CVE-2024-13574 is a reflected cross-site scripting (XSS) vulnerability in the XV Random Quotes WordPress plugin through version 1.40. The flaw arises because the plugin fails to sanitize and escape a parameter before outputting it back in the page, allowing malicious scripts to be injected and executed in a victim's browser. This issue is classified under CWE-79 and carries a CVSS v3.1 base score of 7.1 (AV:N/AC:L/PR:N/UI:R/S:C/C:L/I:L/A:L), indicating high severity due to its network accessibility and scope change.

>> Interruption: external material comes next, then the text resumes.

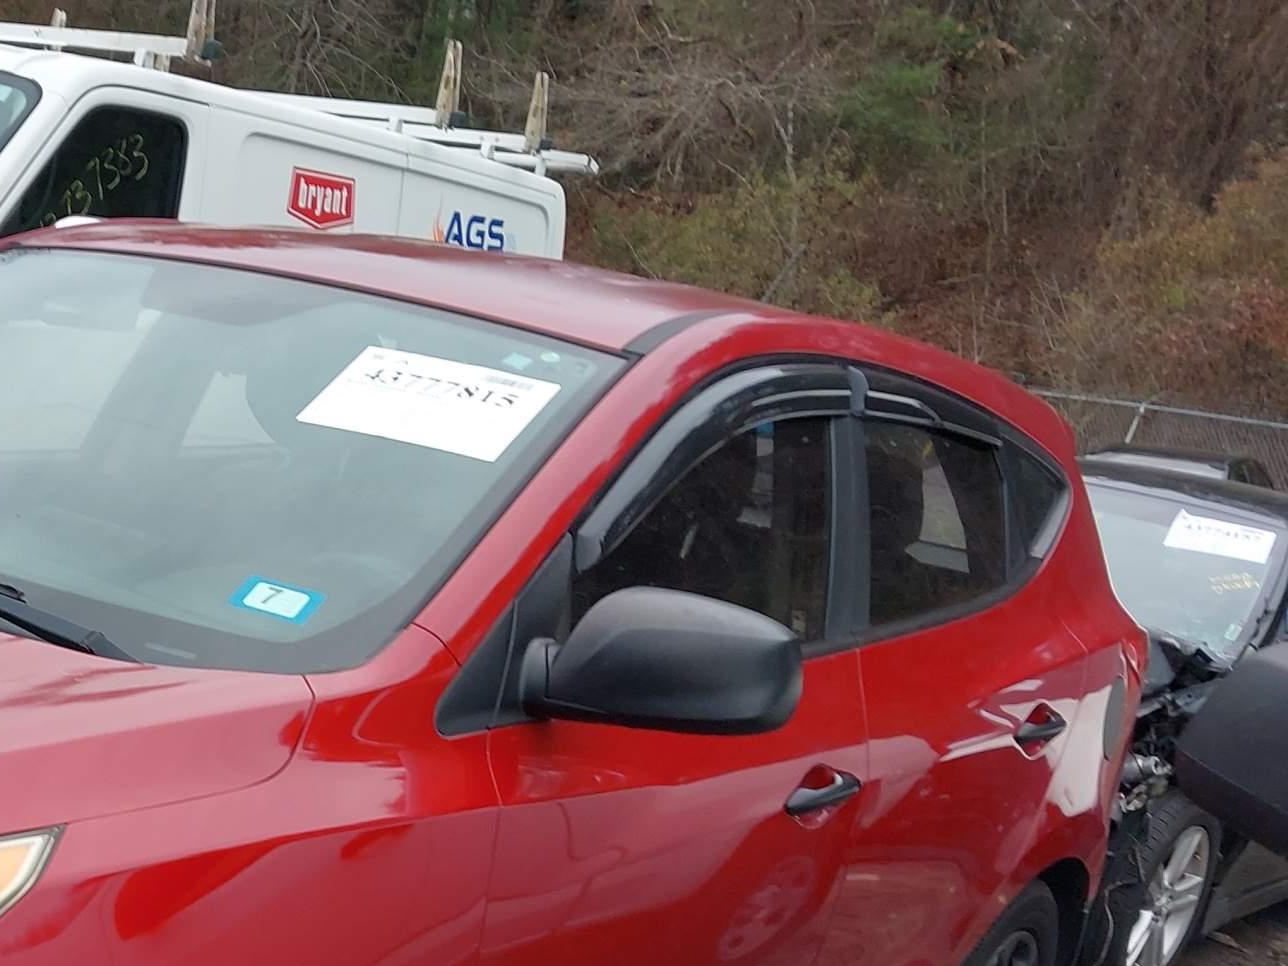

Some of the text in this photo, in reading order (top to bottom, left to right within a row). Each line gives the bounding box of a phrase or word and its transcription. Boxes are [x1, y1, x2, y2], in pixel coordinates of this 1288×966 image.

Attackers can exploit this vulnerability remotely without privileges by tricking a targeted user, such as an administrator, into interacting with a maliciously crafted link or page. Successful exploitation executes arbitrary JavaScript in the context of the victim's browser, potentially enabling session hijacking, theft of sensitive data, or further actions limited by the low confidentiality, integrity, and availability impacts. The requirement for user interaction makes it suitable for phishing campaigns aimed at high-privilege WordPress users.

Advisories from WPScan detail the vulnerability at https://wpscan.com/vulnerability/7eb9ef20-5d34-425e-b7fc-38a769d0a822/, where security practitioners should consult for specific detection, patch availability, and mitigation guidance, such as updating to a fixed version beyond 1.40 or implementing input validation.